Reproductive Infections

In unspayed female dogs, a uterine infection called pyometra can produce discharge that owners sometimes mistake for unusually bad-smelling urine. If the infection is “open” (meaning the cervix allows drainage), pus-like discharge drains from the uterus through the vagina. You might notice this discharge on the fur under your dog’s tail, on bedding, or on furniture where she’s been lying. It can look and smell similar to foul urine, especially if it mixes with actual urine around the vulva.
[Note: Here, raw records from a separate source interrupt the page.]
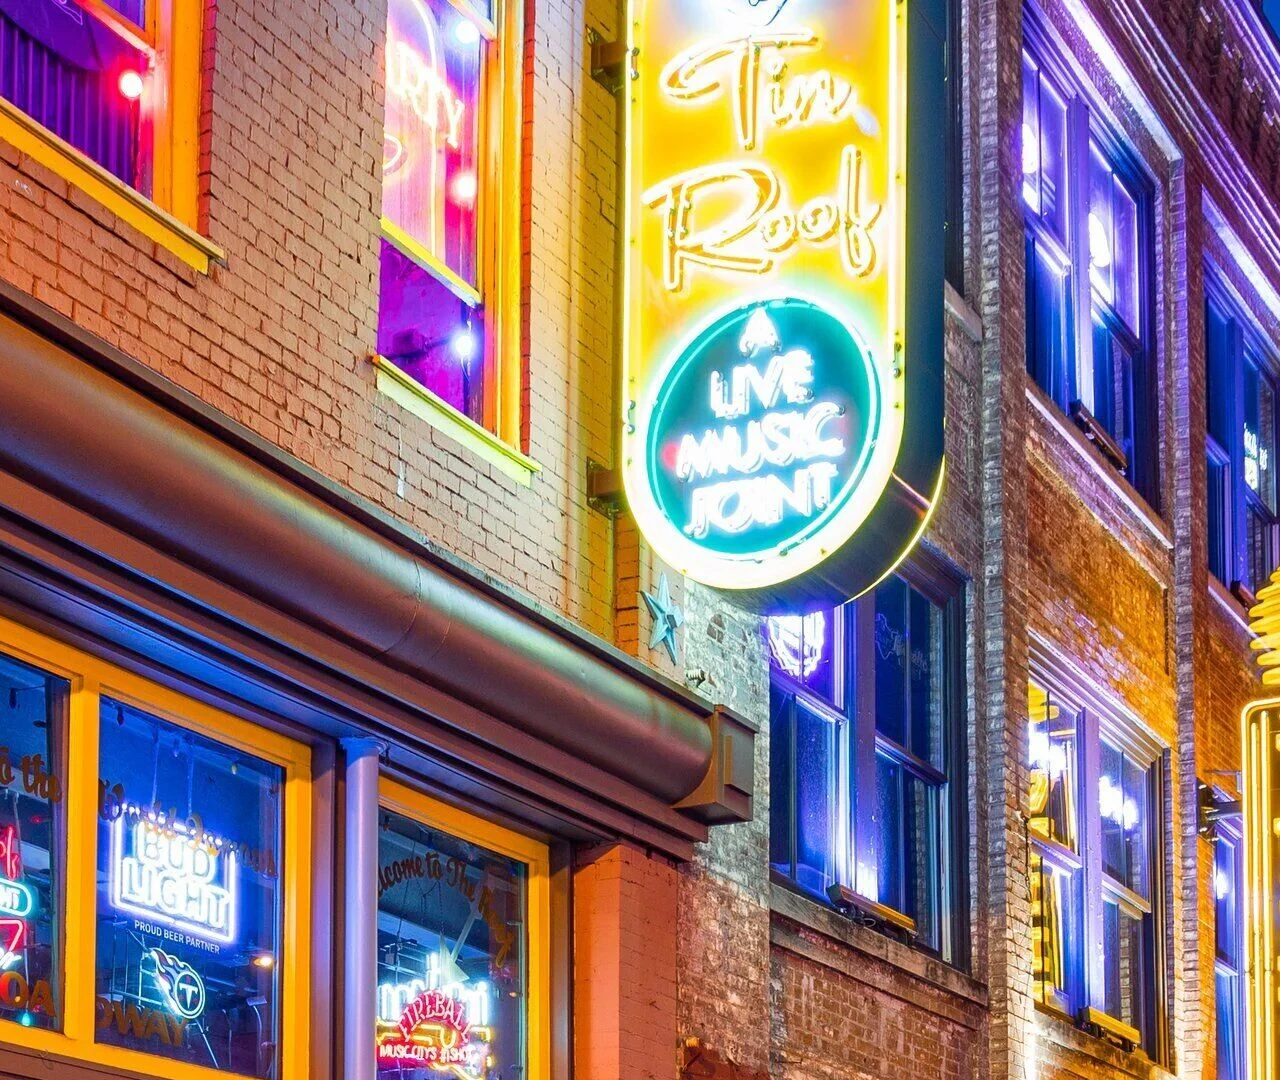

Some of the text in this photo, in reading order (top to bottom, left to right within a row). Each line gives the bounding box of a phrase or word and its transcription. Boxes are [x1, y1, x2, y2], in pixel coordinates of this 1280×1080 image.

[660, 29, 856, 150] Tin
[643, 144, 883, 293] Roof
[738, 307, 781, 358] A
[711, 350, 816, 419] LIVE
[676, 402, 847, 481] MUSIC
[684, 464, 839, 539] JOINT
[21, 753, 62, 803] the
[120, 855, 232, 930] LIGHT
[134, 918, 221, 955] PROUD BEER PARTNER
[397, 989, 473, 1044] FIREBALL
Pyometra typically develops a few weeks after a heat cycle and is most common in middle-aged to older unspayed females. Along with the discharge, affected dogs often drink excessively, lose their appetite, become lethargic, and may run a fever. This is another condition that requires urgent veterinary care, as an untreated pyometra can be life-threatening.

Diet and Temporary Causes

Not every case of smelly urine points to a medical problem. Certain foods can temporarily change urine odor. Asparagus, fish-based dog foods, and high-protein diets all produce more nitrogen-rich waste products that intensify the ammonia smell. Some supplements, particularly B vitamins, can also alter urine scent and color.
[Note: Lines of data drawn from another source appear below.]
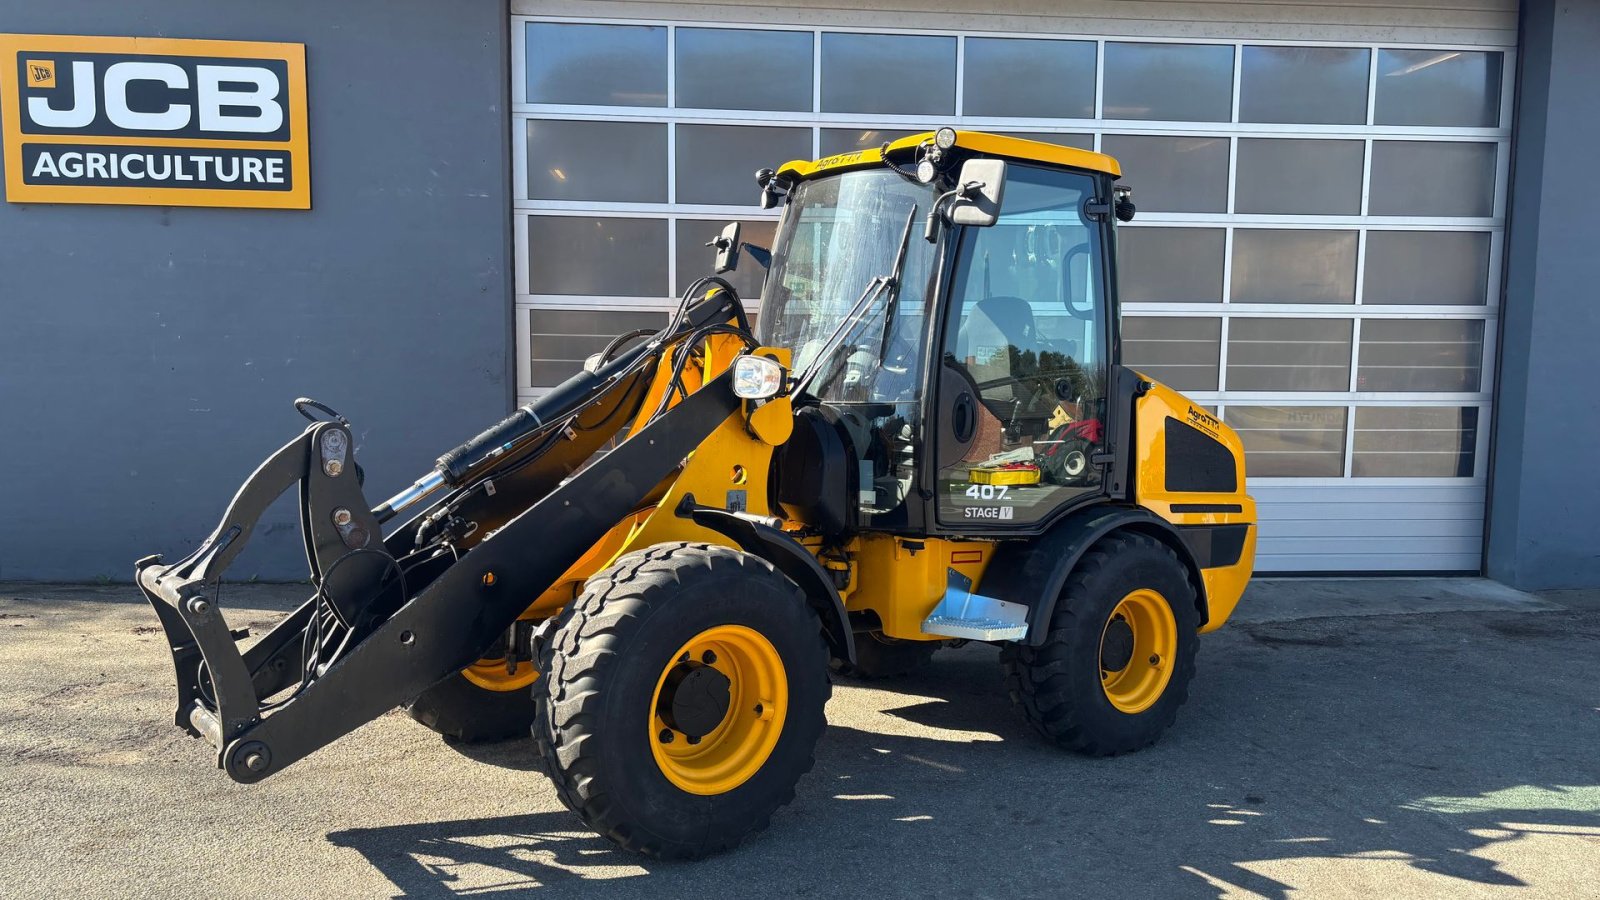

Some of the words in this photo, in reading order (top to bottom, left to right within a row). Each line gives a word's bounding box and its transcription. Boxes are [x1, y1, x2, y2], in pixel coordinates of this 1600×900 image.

[34, 67, 51, 80] JCB
[28, 61, 283, 133] JCB
[32, 152, 284, 183] AGRICULTURE
[966, 485, 1008, 499] 407
[965, 507, 998, 518] STAGE
Medications, especially antibiotics, can change the smell of urine for the duration of treatment. And if your dog has been holding their urine for longer than usual (a change in schedule, reluctance to go outside in bad weather), the extra time in the bladder allows more bacterial breakdown of urea, making the eventual output smell worse than normal.

What the Smell Tells You

The character of the odor offers a useful clue. A strong ammonia smell, especially with dark yellow urine, most commonly points to dehydration or concentrated urine. A rotten or fishy smell suggests bacterial involvement, whether from a UTI, bladder stones, or a reproductive infection. A sweet or fruity scent raises concern for diabetes. And a general shift in odor that you can’t quite pinpoint but know is different from your dog’s normal smell could indicate kidney issues or other metabolic changes.

A single instance of strong-smelling urine after a long nap or a hot day is rarely cause for alarm. But if the smell persists over several days, worsens, or comes with other changes like increased thirst, straining to urinate, lethargy, or appetite loss, a urinalysis is a simple, inexpensive first step that can reveal infections, crystals, glucose, ketones, and how well the kidneys are concentrating urine.